Dr. Ruth Shaffer of Glen Cove died on June 25, 2015. Dr. Shaffer received her B.A. at Brooklyn College, her master’s at Hofstra University and her doctorate at Columbia University. Beloved wife of 49 years to Michael. Mother of Sharon Sprung (William Astwood) and Stefan (Amy). Sister of Ellen Silverman (Carl Tunick). Grandmother of Jesse, Sara and Julia. Service held at the Funeral Home of Dodge-Thomas on Sunday, June 28, www.dodgethomas.com. Interment Locust Valley Cemetery. Donations may be made to Memorial Sloan Kettering Cancer Center/giving.mskcc.org or to Melillo Center Glen Cove.
Ruth was a true lover of the stage. The theater was a major passion in her life until the end. While attending Brooklyn College she spent her late afternoons and evenings taking theater classes at the New School. One summer she applied her new skills at the Weston Playhouse in Vermont where she had roles in the Little Foxes and Member of the Wedding. She even made Equity.

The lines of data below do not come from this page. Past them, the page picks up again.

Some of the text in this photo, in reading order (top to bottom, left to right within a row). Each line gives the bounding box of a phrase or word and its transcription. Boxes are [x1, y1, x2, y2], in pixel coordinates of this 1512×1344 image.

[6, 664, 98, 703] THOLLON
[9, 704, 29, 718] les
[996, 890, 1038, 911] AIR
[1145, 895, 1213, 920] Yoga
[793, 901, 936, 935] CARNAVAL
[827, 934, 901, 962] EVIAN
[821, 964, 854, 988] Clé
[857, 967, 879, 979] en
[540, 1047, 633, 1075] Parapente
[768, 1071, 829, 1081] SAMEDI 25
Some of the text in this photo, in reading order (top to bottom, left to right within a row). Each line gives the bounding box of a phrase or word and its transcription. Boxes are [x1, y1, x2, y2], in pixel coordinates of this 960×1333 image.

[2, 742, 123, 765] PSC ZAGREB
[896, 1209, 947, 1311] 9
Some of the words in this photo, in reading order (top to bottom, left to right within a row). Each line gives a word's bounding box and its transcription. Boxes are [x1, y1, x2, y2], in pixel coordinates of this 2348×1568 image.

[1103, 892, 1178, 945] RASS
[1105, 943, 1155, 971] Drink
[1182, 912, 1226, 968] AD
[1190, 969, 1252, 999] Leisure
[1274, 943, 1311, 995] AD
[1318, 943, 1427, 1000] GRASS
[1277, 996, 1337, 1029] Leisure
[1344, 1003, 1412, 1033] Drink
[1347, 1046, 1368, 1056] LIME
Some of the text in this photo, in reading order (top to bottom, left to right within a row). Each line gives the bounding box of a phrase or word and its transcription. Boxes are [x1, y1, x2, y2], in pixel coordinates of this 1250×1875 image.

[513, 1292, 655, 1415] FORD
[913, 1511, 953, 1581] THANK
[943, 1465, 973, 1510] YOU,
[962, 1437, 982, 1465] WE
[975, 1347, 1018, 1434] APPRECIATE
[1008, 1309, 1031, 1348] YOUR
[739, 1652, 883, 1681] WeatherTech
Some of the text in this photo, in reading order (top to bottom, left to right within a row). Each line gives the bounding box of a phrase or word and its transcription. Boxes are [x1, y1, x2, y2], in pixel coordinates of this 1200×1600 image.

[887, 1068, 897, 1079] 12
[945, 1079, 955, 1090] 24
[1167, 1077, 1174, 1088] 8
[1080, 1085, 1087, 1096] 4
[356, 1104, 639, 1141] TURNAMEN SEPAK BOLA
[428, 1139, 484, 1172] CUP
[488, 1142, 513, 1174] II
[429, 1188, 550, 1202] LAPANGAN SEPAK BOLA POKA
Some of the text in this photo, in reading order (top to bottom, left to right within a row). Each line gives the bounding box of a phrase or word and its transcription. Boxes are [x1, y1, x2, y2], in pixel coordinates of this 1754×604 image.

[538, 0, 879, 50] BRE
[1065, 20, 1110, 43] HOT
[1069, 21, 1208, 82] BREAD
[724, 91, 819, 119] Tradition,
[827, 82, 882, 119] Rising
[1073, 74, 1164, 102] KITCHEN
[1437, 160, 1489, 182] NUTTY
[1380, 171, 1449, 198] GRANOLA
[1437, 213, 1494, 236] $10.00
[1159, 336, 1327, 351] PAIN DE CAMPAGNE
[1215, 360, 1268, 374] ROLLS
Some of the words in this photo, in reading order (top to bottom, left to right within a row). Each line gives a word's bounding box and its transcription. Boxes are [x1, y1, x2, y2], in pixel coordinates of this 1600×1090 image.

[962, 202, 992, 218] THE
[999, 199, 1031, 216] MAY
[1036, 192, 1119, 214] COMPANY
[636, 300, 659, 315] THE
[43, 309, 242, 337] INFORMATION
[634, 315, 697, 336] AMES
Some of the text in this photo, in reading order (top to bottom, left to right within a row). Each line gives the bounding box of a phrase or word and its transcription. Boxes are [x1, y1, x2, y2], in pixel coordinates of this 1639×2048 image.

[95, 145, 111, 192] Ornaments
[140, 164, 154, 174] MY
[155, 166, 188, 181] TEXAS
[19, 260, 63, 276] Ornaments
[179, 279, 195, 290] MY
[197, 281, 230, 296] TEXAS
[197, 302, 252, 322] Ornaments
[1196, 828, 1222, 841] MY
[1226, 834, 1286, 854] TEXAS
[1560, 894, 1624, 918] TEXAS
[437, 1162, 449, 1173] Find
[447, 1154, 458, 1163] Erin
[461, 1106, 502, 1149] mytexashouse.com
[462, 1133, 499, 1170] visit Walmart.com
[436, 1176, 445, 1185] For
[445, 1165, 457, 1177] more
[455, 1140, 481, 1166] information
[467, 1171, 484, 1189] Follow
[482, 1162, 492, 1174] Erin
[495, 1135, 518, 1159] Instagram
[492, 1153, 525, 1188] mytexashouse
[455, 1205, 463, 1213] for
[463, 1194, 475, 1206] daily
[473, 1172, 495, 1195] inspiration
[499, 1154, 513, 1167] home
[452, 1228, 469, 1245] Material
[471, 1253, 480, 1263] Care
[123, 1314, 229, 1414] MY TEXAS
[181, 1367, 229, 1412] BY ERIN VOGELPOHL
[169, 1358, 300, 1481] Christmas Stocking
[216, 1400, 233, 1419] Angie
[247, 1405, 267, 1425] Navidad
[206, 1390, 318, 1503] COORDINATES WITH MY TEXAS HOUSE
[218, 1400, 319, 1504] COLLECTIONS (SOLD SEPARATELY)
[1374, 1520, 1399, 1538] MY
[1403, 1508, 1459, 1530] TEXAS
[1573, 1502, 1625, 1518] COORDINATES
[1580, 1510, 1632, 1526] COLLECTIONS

However, graduation and marriage to her first husband, Jack Sprung, ended thoughts of a theater career, but started what would become a lifetime of service helping others. Her first job was managing a program at Brooklyn College for Israeli soldiers who had been injured in the war for Israel’s independence and who had been brought to this country to attend college.
The following year, the new family moved to Glen Cove, now three in number with the birth of her daughter, Sharon. Ruth quickly became involved in the community as an active member of the local chapter of the League of Women Voters. Through the league, Ruth made many friends with women in the community, friendships that would last a lifetime. She also helped to organize and then host the first planning meeting for what would become the summer Morgan Park Concert Series, which is still going strong today.
Unfortunately, most of her civic activities were cut short by the death of her husband and the birth of her second child, Stefan. Ruth then began the next phase of her long career of helping others, beginning as a substitute teacher in various schools around the county and eventually in her “new” home town. While subbing, she was concerned over the number of students whose needs were not being served by the schools. In Glen Cove, she proposed and then ran a program not unlike today’s alternative schools for at risk students. She also returned to college where she earned a master’s degree in counselor education at Hofstra University.
In 1964, she joined the guidance staff in Glen Cove High School where she would eventually become department director and eventually the district administrator of counseling services. She developed numerous programs that have become common place today. One she was particularly proud of was a special college night for top students. Glen Cove had always been sidestepped by all the top colleges as they made their recruiting circuits around Long Island. As a result, few students, even those at the top of their class, failed to attract the interest of top colleges. In conjunction with Harrison House, now the “mansion,” Ruth began a special college night program, inviting a handful of select colleges to meet with top students and their parents. The impact was immediate. For the first time in years, the top students were being admitted to one or more of the colleges that had been invited to the special evening. The program grew and after a few years colleges were vying for the opportunity to be invited to the special evenings and Glen Cove quickly got back on the recruiting schedules of all sorts of colleges that previously avoided the school and students.
Ruth’s educational pursuits did not stop with her master’s degree. In 1965, she was selected to attend a competitive General Electric Foundation program for guidance counselors in the northeast at Boston University. It was at this program where she met Michael Shaffer, who, in 1966, became her husband for the next 49 years. The next step was Teachers College, Columbia University where she earned her doctorate in family counseling. One of her classmates in the program who got her degree at the same time was another Ruth, Dr. Ruth Westheimer, who would go on to radio and TV fame.
With her new degree, she received an opportunity to work part-time for several years at the Widows’ Consultation Center in New York City, a bereavement center funded by a grant from a major life insurance company. When the funding dried up and the center was forced to close, Ruth began delivering bereavement workshops for teachers and counselors as part of a BOCES sponsored in-service program offering. During this time, Ruth began to build a small private therapy practice focusing primarily on bereavement issues for both widows and widowers. Ruth was also very active in the formation of the InterAgency Council of Glen Cove, an association of social services agencies, and one of its sister agencies, Counseling, Alcohol and Substance Abuse (CASA).
As much as Ruth enjoyed working with students, there were challenges presented by her new focus on adult mental health issues, primarily those centered around bereavement and divorce issues, so Ruth retired from the Glen Cove Schools in order to concentrate on expanding her skills, initially as an intern at the Angelo J Melillo Center for Mental Health in Glen Cove. Ruth later served on their board of directors for many years. Following retirement, she also worked as a consultant for the Roslyn Schools and also as an adjunct professor of education at CW Post College, where she supervised student teachers. After a few years, Ruth restricted herself to just her private practice, a practice that she maintained on a part-time basis until June 25, 2015.